From the first line to the last, return the data exactly as it stands.

START Supplied material

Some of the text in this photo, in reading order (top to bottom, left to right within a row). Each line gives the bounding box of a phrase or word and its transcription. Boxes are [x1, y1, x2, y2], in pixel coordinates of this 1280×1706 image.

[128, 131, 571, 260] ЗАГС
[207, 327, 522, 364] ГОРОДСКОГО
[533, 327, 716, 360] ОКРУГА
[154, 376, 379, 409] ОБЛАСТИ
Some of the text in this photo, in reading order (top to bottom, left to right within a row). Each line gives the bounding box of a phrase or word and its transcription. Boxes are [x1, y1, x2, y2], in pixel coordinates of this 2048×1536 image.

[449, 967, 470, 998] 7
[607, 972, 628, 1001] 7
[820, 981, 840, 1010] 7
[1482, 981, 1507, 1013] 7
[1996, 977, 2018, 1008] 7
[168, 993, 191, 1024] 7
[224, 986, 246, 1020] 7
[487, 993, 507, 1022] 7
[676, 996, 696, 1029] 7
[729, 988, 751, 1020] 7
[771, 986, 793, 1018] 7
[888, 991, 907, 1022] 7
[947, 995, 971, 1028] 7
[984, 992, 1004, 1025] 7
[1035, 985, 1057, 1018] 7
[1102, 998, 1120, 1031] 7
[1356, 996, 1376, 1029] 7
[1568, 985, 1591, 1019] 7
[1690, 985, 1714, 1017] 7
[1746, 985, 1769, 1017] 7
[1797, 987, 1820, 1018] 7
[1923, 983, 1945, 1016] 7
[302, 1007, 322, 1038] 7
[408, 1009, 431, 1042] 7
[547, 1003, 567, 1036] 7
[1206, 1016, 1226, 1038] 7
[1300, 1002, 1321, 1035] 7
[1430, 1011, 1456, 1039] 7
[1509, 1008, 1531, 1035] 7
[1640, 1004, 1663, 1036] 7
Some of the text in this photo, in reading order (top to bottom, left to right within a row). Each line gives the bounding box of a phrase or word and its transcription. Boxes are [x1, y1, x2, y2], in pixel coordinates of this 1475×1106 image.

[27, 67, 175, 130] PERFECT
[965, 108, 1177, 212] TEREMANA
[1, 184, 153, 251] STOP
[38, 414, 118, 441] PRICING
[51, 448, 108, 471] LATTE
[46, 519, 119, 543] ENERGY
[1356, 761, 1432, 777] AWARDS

END Supplied material

◆ **Solution for this exercise**
Some of the text in this photo, in reading order (top to bottom, left to right within a row). Each line gives the bounding box of a phrase or word and its transcription. Boxes are [x1, y1, x2, y2], in pixel coordinates of this 1280×1706 image.

[128, 131, 571, 260] ЗАГС
[207, 327, 522, 364] ГОРОДСКОГО
[533, 327, 716, 360] ОКРУГА
[154, 376, 379, 409] ОБЛАСТИ
Some of the text in this photo, in reading order (top to bottom, left to right within a row). Each line gives the bounding box of a phrase or word and its transcription. Boxes are [x1, y1, x2, y2], in pixel coordinates of this 2048×1536 image.

[449, 967, 470, 998] 7
[607, 972, 628, 1001] 7
[820, 981, 840, 1010] 7
[1482, 981, 1507, 1013] 7
[1996, 977, 2018, 1008] 7
[168, 993, 191, 1024] 7
[224, 986, 246, 1020] 7
[487, 993, 507, 1022] 7
[676, 996, 696, 1029] 7
[729, 988, 751, 1020] 7
[771, 986, 793, 1018] 7
[888, 991, 907, 1022] 7
[947, 995, 971, 1028] 7
[984, 992, 1004, 1025] 7
[1035, 985, 1057, 1018] 7
[1102, 998, 1120, 1031] 7
[1356, 996, 1376, 1029] 7
[1568, 985, 1591, 1019] 7
[1690, 985, 1714, 1017] 7
[1746, 985, 1769, 1017] 7
[1797, 987, 1820, 1018] 7
[1923, 983, 1945, 1016] 7
[302, 1007, 322, 1038] 7
[408, 1009, 431, 1042] 7
[547, 1003, 567, 1036] 7
[1206, 1016, 1226, 1038] 7
[1300, 1002, 1321, 1035] 7
[1430, 1011, 1456, 1039] 7
[1509, 1008, 1531, 1035] 7
[1640, 1004, 1663, 1036] 7
Some of the text in this photo, in reading order (top to bottom, left to right within a row). Each line gives the bounding box of a phrase or word and its transcription. Boxes are [x1, y1, x2, y2], in pixel coordinates of this 1475×1106 image.

[27, 67, 175, 130] PERFECT
[965, 108, 1177, 212] TEREMANA
[1, 184, 153, 251] STOP
[38, 414, 118, 441] PRICING
[51, 448, 108, 471] LATTE
[46, 519, 119, 543] ENERGY
[1356, 761, 1432, 777] AWARDS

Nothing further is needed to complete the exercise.